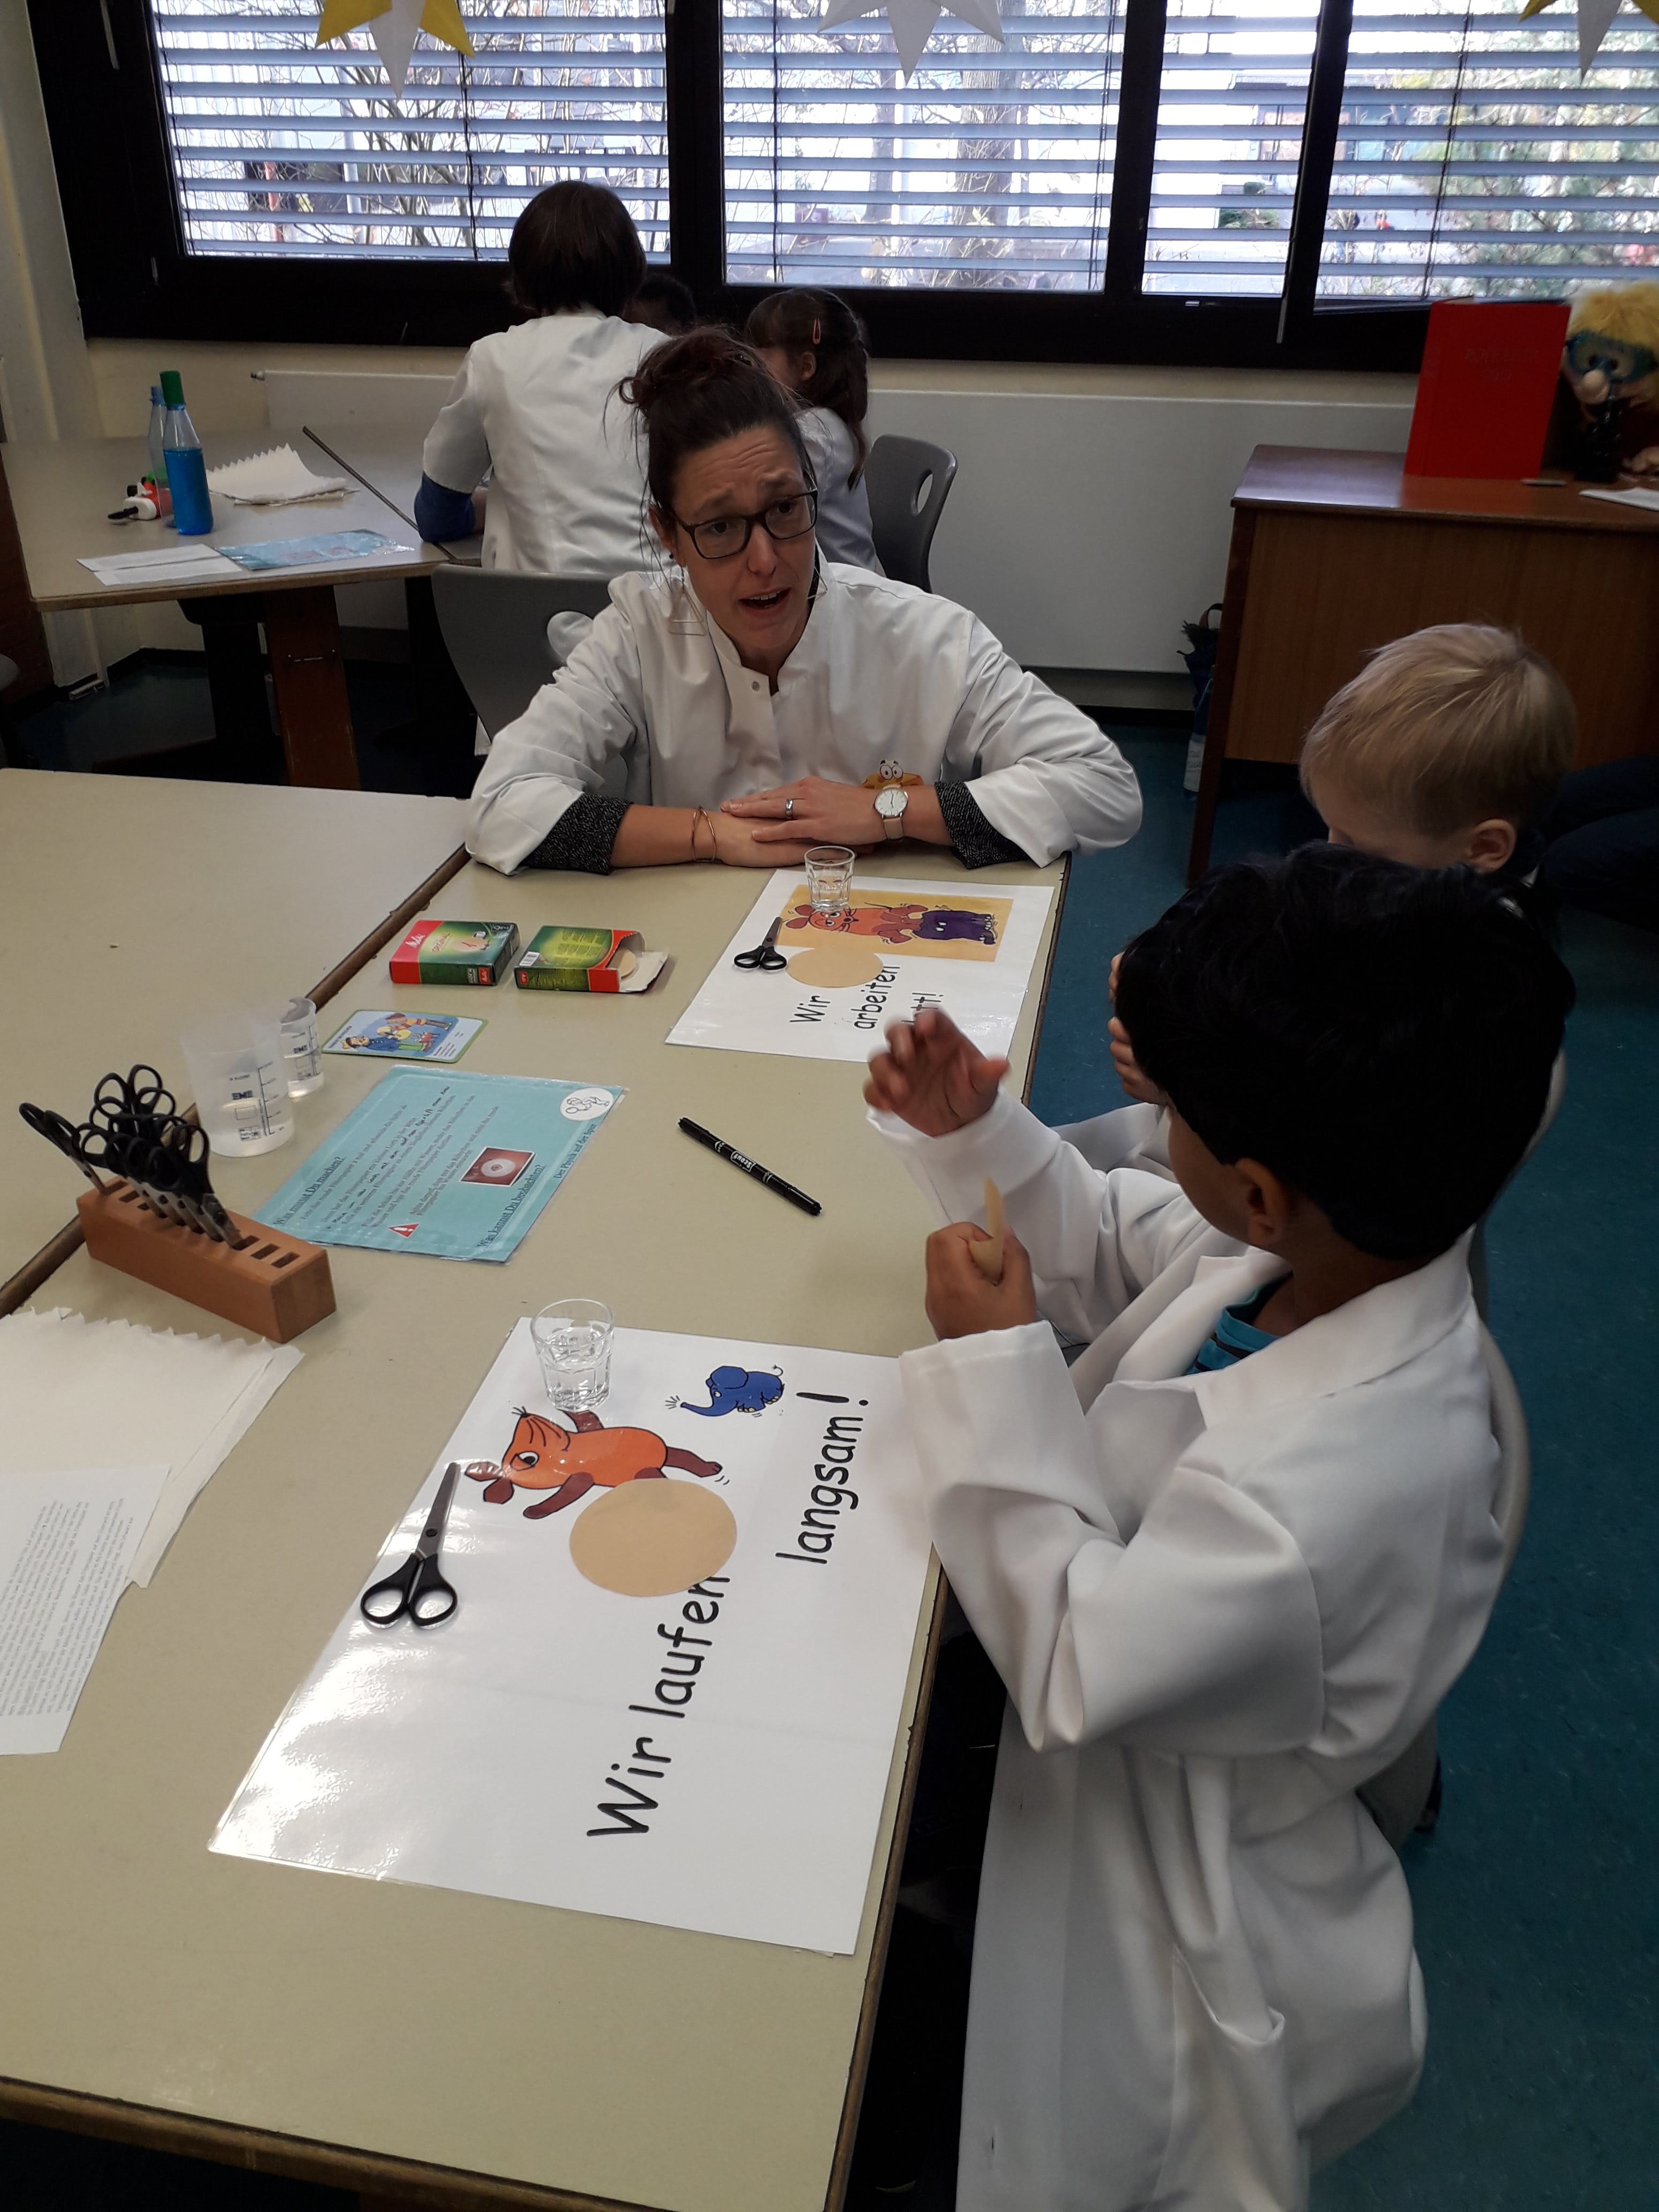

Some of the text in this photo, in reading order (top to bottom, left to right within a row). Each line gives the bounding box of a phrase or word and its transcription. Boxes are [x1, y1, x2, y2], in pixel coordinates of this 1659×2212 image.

[789, 995, 831, 1022] Wir
[850, 966, 901, 1029] arbeiten
[305, 1183, 320, 1194] Du
[317, 1156, 346, 1186] machen?
[733, 1153, 753, 1169] Scout
[477, 1164, 545, 1247] Was kannst Du beobachten?
[775, 1392, 870, 1565] langsam!
[586, 1576, 731, 1837] Wir laufen

● ● ●

**WHAT THIS TASK INVOLVES**
Write out the data above in full and exactly, but not the pictures.

**PROBLEM SOLUTION**
Some of the text in this photo, in reading order (top to bottom, left to right within a row). Each line gives the bounding box of a phrase or word and its transcription. Boxes are [x1, y1, x2, y2], in pixel coordinates of this 1659×2212 image.

[789, 995, 831, 1022] Wir
[850, 966, 901, 1029] arbeiten
[305, 1183, 320, 1194] Du
[317, 1156, 346, 1186] machen?
[733, 1153, 753, 1169] Scout
[477, 1164, 545, 1247] Was kannst Du beobachten?
[775, 1392, 870, 1565] langsam!
[586, 1576, 731, 1837] Wir laufen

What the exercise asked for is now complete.